Setelah itu, Ma Gang tersenyum pada Liu Zi, “Aku naik mobil sendiri, kau antar Mao dan Xiao Ru, ya?”
“Biar aku antar, kau pulang saja, besok kalian ada rapat kan?”
“Hah? Kok kau tahu?”
“Tadi kan bagian logistik baru kirim perlengkapan ke timmu, dengar dari kaptenmu!” Liu Zi terkekeh sambil menyalakan rokok untuk Ma Gang.
“Wah, info kalian lebih cepat daripada staf komando, sudahlah, kakak ipar, aku pamit!”
“Baik! Terima kasih, Ma!”
“Bukan apa-apa!” Ma Gang tersenyum, lalu berjalan ke mobilnya sambil menghisap rokok.
Sementara Xiao Ru dan Liu Zi menunggu Ma Gang pergi, lalu kembali ke KTV mencari Mao Wanli.
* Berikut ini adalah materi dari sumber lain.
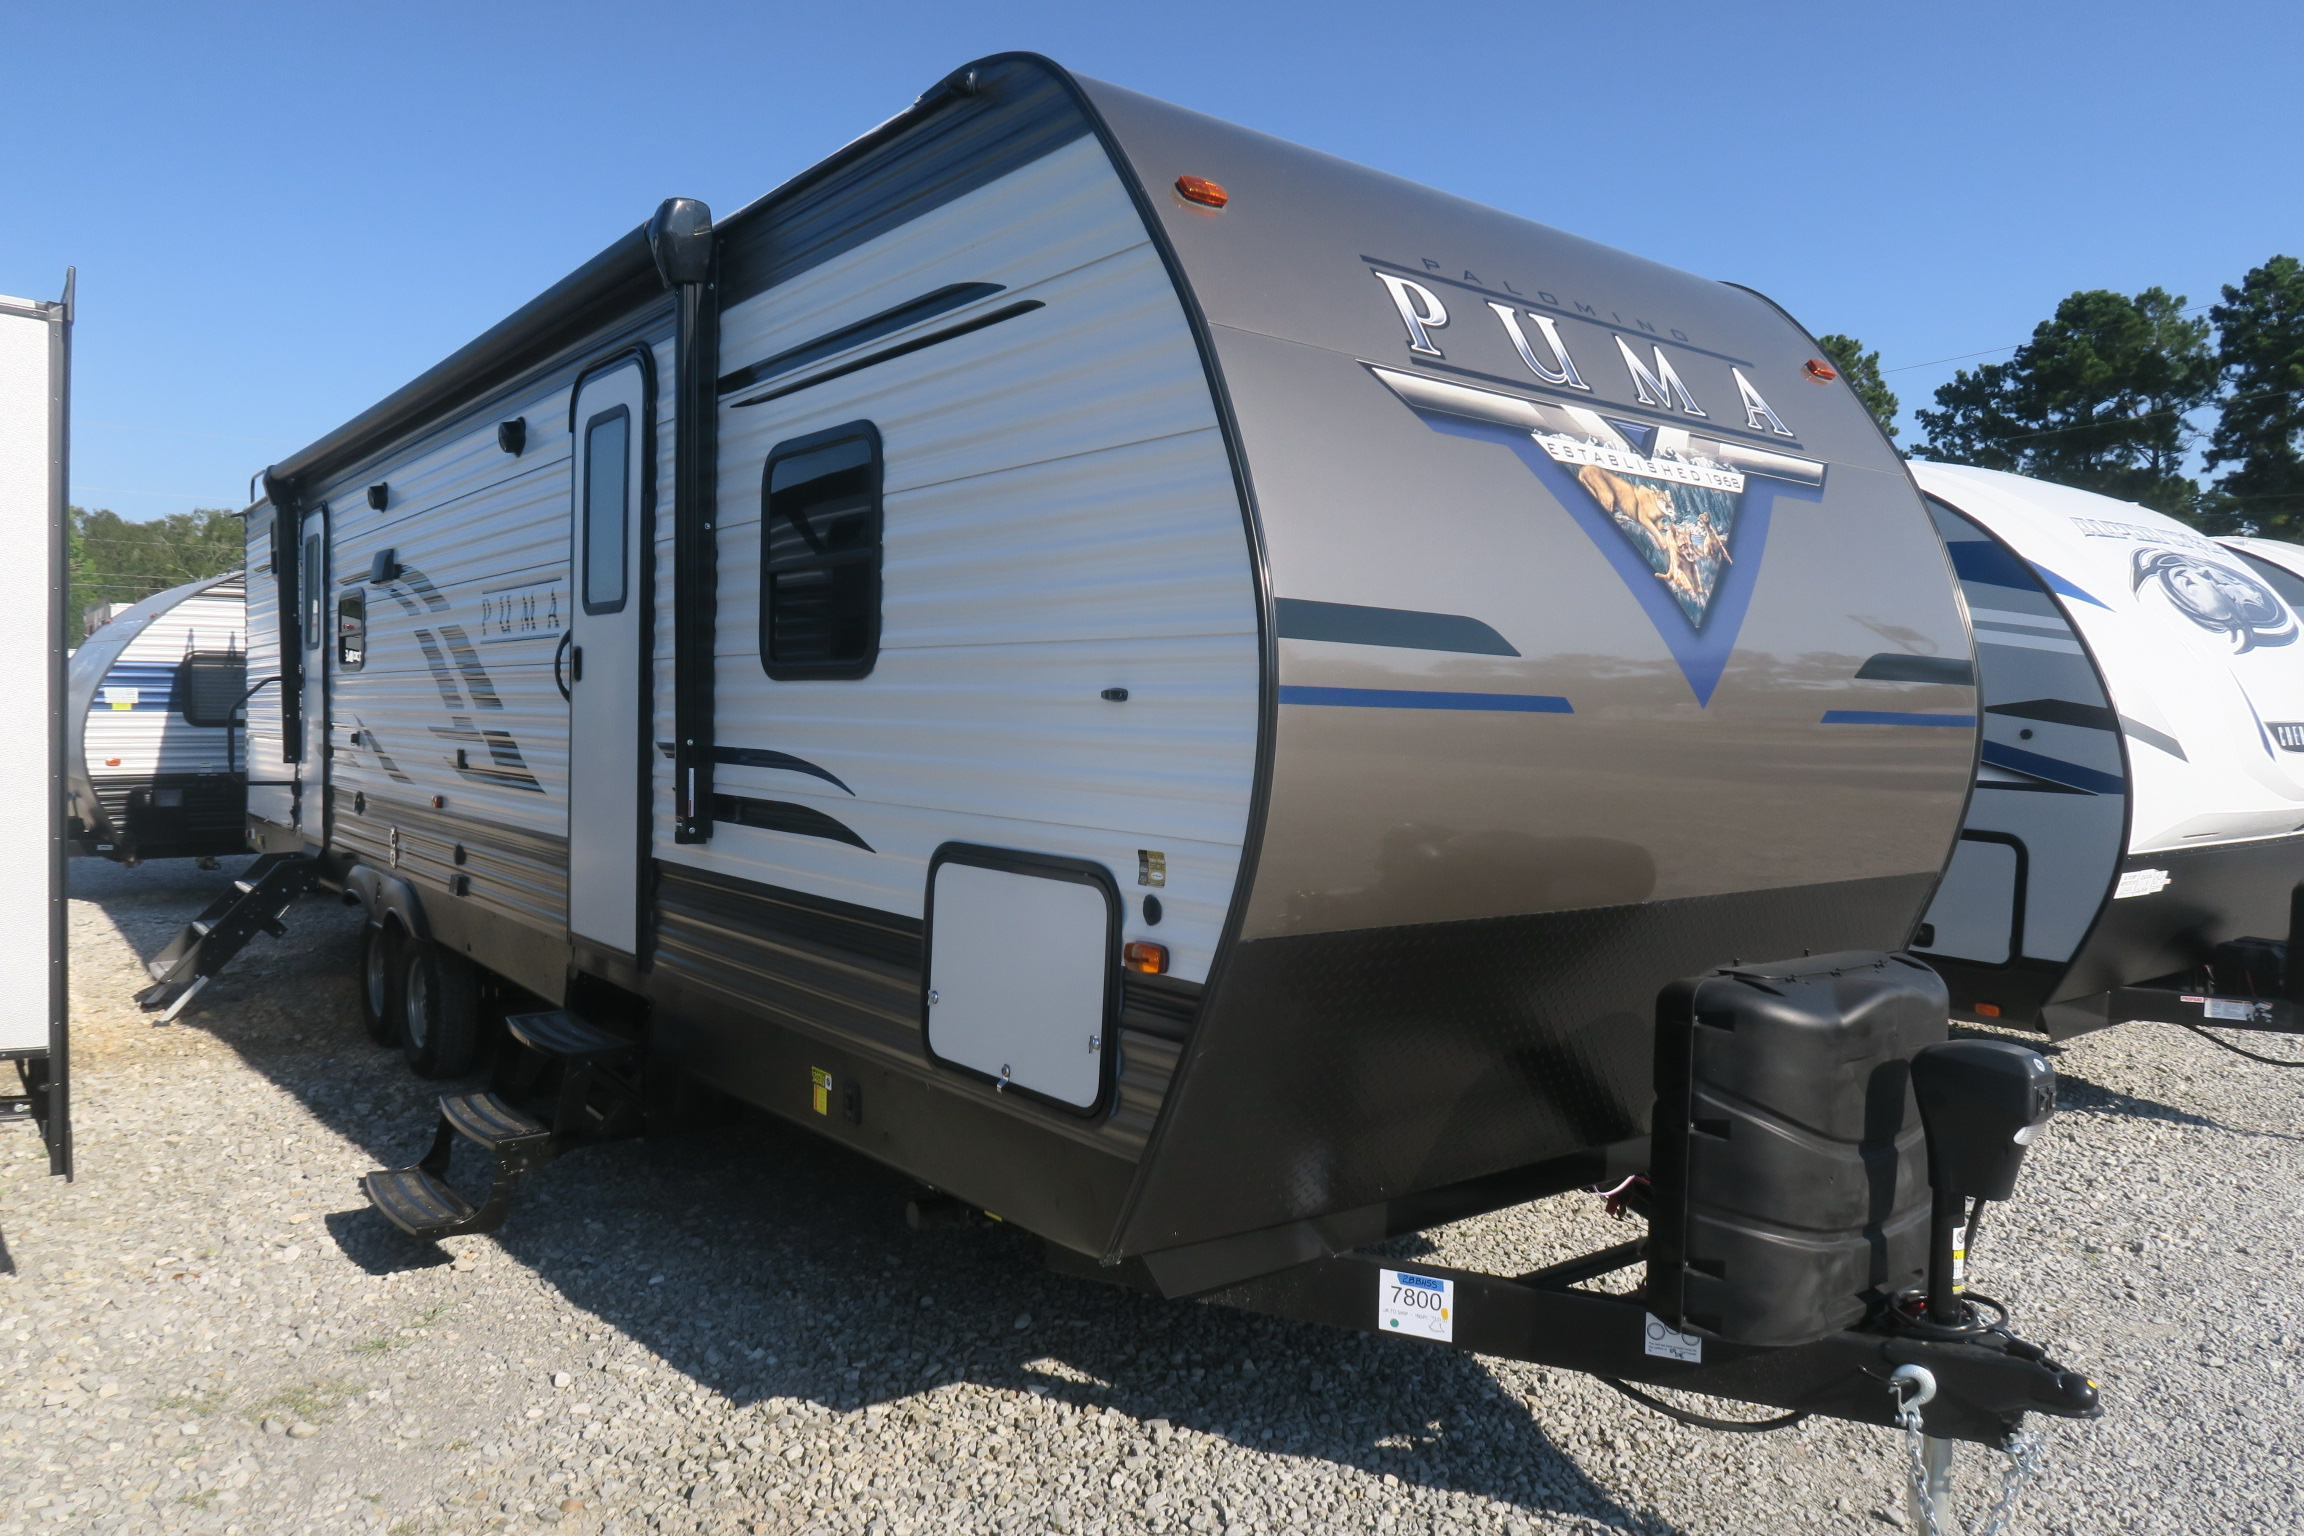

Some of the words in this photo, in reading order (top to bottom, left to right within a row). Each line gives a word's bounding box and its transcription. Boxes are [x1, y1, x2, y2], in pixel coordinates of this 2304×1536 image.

[1421, 257, 1689, 343] PALOMINO
[1370, 267, 1796, 439] PUMA
[1546, 442, 1701, 482] ESTABLISHED
[482, 586, 560, 636] PUMA
[1390, 1285, 1442, 1311] 7800
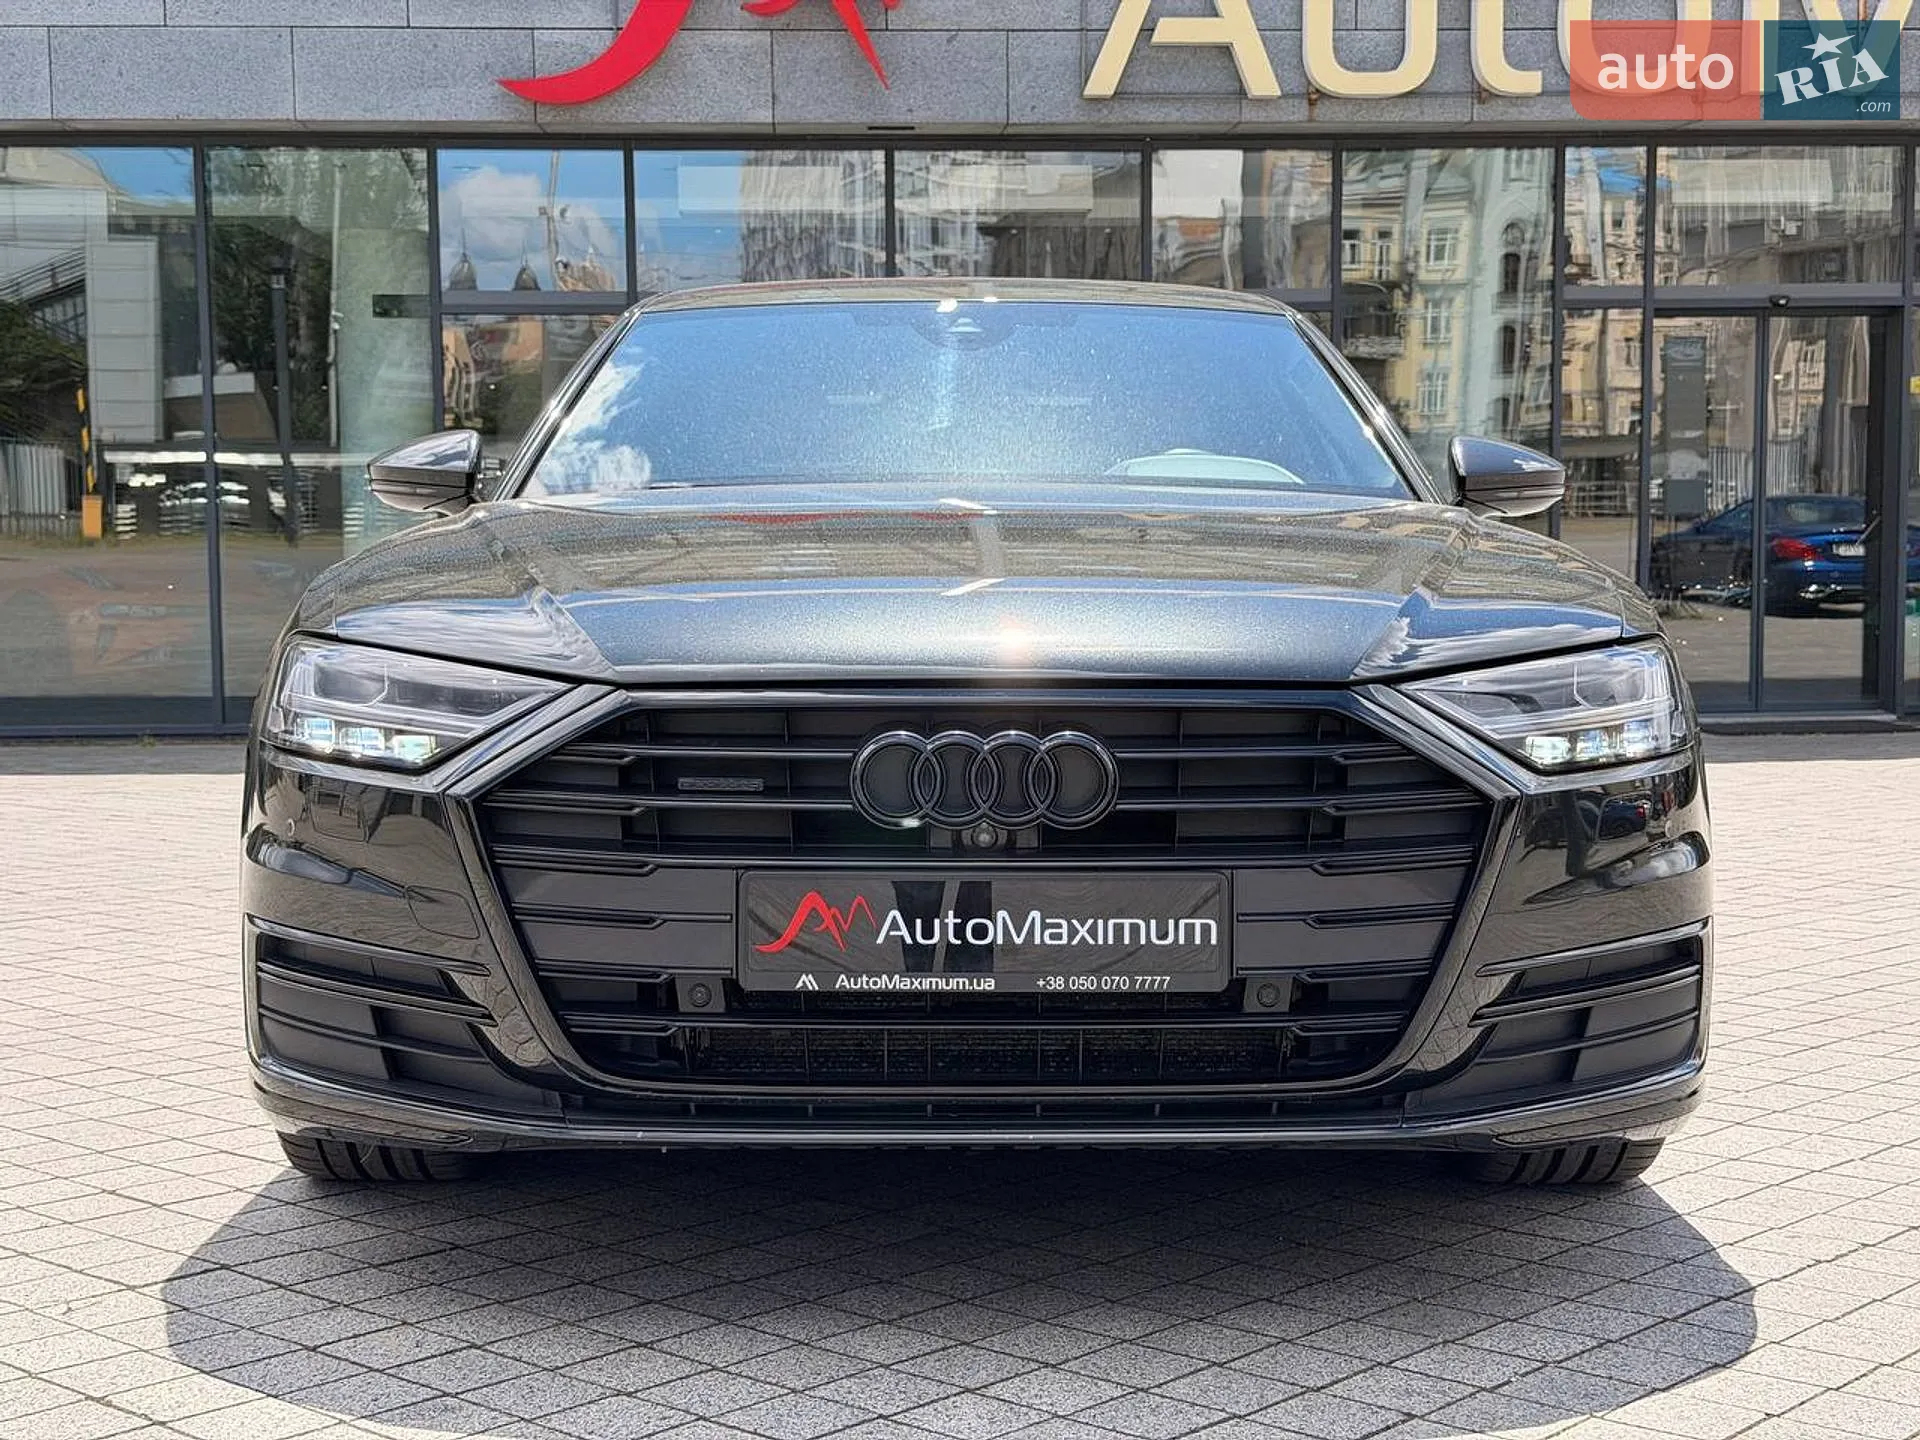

Saat Ma Gang hampir sampai di mobilnya, tiba-tiba suara mesin mobil yang meraung keras terdengar.
Ma Gang seketika waspada, menoleh ke arah suara, namun matanya silau oleh sorotan lampu jauh yang menyilaukan.
Secara refleks Ma Gang mengangkat lengan kekarnya untuk melindungi mata.
“Bam!”
Sebuah jip melaju kencang, menabrak Ma Gang hingga tubuhnya terlempar.
Bersamaan dengan itu, Xiao Ru menoleh, dan mendapati Ma Gang terlempar dari jip.
“AAAHHH...” Teriakan histeris membuat Liu Zi tersentak kaget, Mao Wanli yang baru keluar KTV juga tertegun.
“Ma!”
Xiao Ru berteriak, lalu berlari ke arah Ma Gang yang tergeletak di jalan.
Mao Wanli dan Liu Zi yang lebih dekat belum sempat bereaksi, Xiao Ru sudah sampai di samping Ma Gang, hendak menariknya.
Jip yang tadi menabrak kini berhenti mendadak di pinggir jalan.
Sopir berjanggut menoleh ke kaca spion, lalu berkata pada temannya di kursi penumpang, “Sudah mati?”
“Tak kelihatan!” jawab temannya sambil menghirup bubuk pil biru ke hidung.
“Jangan boros, nanti saja mainnya, sekarang bereskan!”
Sopir berjanggut langsung memasukkan gigi mundur, ban jip berputar liar sambil membakar aspal.
Penumpang di sebelahnya menyeringai, mengeluarkan pistol hitam dari pinggang, mengokang senjata, dan mengeluarkan tangan ke luar jendela.
Saat itu, Xiao Ru sedang berlutut di samping Ma Gang, mengguncang tubuhnya.
“Ma, bisa bangun nggak? Bangun, ya?”
“Hehe... Lihat ke sini, Sayang!”
Xiao Ru menoleh ke arah jip di belakangnya.
“Tat-tat-tat...”
Rentetan tembakan meletus memecah keheningan malam.
“Xiao Ru...”
“Astaga!”
Mao Wanli membelalak, berteriak histeris, lalu berlari tertatih ke jalan, sementara Liu Zi meraba pinggang, namun karena datang untuk pesta, ia tidak membawa senjata, pinggangnya kosong.
Di dalam jip yang melaju kencang, sopir berjanggut memaki sambil meludah, “Bangsat, lain kali hemat peluru, peluru tidak murah!”
“Hahaha... iya... hihihi...” Temannya yang setengah sadar mengusap hidung dan pelipis, tertawa dengan ekspresi gila.
Di depan KTV Neon, kerumunan orang mulai ramai.
Di tengah kerumunan, Mao Wanli memeluk erat jasad Xiao Ru sambil menangis sesenggukan, darah mengalir deras membentuk genangan seperti sungai kecil.
Ma Gang yang matanya tertutup rapat sudah tak bernyawa, sementara Liu Zi hanya bisa berdiri terpaku, memegangi kepalanya dengan penuh penyesalan.